Full Version: SEO casing resource faults
You're currently viewing a stripped down version of our content. View the full version with proper formatting.
Over the last months our website has a resource usage fault every day at 12.10am and again around 3:30am. This of course caused the site to be restricted for 24 hours. This has been the focus on the semrushbot who, at one point, seemed to be the culprit.

We took many actions to prevent this bot but even asking nicely, this bot will not relent and continues to pound away at the site to gain something from our meager 33 registered members.

But in spite of their unwelcome persistence, I found the following txt files, in the mybb root directory

htaccess.txt  and  htaccess-nginx.txt

which upon renaming them, the resource faults ceased.

I get it that most want SEo optimization, but our forum is for local users and is of no interest to the world at large.

Having said that, it would have been nice to be able to disable this feature when it is not needed.

regards

https://www.gbarc.ca/ForumBB/index.php
MyBB doesn't install these files by default - rather txt files that can be further dealt with by the installer.  Htaccess.txt for Apache, htaccess-nginx.txt for Nginx.  No expert, but don't think you want them both active. 

Installation docs have more information:

https://docs.mybb.com/1.8/install/
Those text files exist for your reference, there is no need to upload them, although doing so anyway should not cause any harm as text files have no function whatsoever.

For Apache the file has to be named .htaccess (starting with . and no .txt extension), and for nginx (if you are using nginx at all, instead of Apache), nginx doesn't use htaccess, so you have to put rewrite rules into your nginx configuration file which is usually somewhere in /etc/nginx/... - it could be nginx.conf, or sites-available/yoursite.conf, or something else. There is no standard name for this file as it depends on your distribution and site configuration.

If your site can be taken down for 24 hours just by hammering it with a bot, you might have to take a closer look at your access logs (what requests are those bots sending exactly) and/or maybe switch to a more reliable hosting solution. It makes no sense for plain text files to cause faults, it's usually PHP and database queries that cause too much load for cheap shared hosters.
I returned to file names to default last evening and at 12:10am, on schedule, a resource usage fault is logged. These files are doing something, and I've heard the "need a better host" before.

The facts are the facts,

1.the issue is with mybb.
You're using Nginx, so neither of these files will even be being used. As frostschutz said, the htaccess.txt/.htaccess file is for Apache which you're not using, and the htaccess-nginx.txt is just there for reference and doesn't do anything no matter what you rename it to. None of this is MyBB-specific, this would apply to any software running on Apache or Nginx. With the default names with .txt at the end, they're just arbitrary text files that literally don't do anything. What did you rename them to when it supposedly fixed the issue?

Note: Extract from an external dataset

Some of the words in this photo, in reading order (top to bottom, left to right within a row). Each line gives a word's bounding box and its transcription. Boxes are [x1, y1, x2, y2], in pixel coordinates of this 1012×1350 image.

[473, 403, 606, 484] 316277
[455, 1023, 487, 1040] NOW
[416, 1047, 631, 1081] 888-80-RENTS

What are the "resource usage faults" you're actually seeing? I can see you host with Vultr, what size server do you have? How many page loads is Semrush actually causing? MyBB is used on sites with 8-figure post counts, so if traffic from a single bot is taking the server down, then it suggests a server issue. Are there any backups or anything that run? That fact it happens so incredibly reliably at the exact same time of day again suggests something server related.
The only app we have here is Mybb, the rest of the site is just a simple html website, every day about 12:15am and 3:30am a resource usage fault is logged on the apache server.   www.gbarc.ca
I had troubles with semrushbot which don't follow rules and browse too much pages too quickly.
I finally add a jail in fail2ban to ban it from my servers.
(2021-08-20, 11:53 PM)tomsttsa Wrote: [ -> ]The only app we have here is Mybb, the rest of the site is just a simple html website, every day about 12:15am and 3:30am a resource usage fault is logged on the apache server.   www.gbarc.ca

The only web app your have on the server may be MyBB, but the server itself will be doing hundreds of things, the same way a computer is still doing loads of stuff behind the scenes even if you only have one program open. For something to be happening at such a specific time, there must be something specific happening. A PHP application won't suddenly use more resources at an incredibly specific time of day by itself, something will be being run or excessive load applied. You'd need to work with your host to track down if it's increased traffic from a particular source, or some other server process that's running on the server. If it Semrush causing the issue then you'll need to block Semrush, it's not something MyBB can do anything about as it's happening at server level.
semrush doesn't follow rules in robots.txt?
https://moz.com/learn/seo/robotstxt
No. It doesn't respect the crawl-delay and often loads a lot of pages in the same time.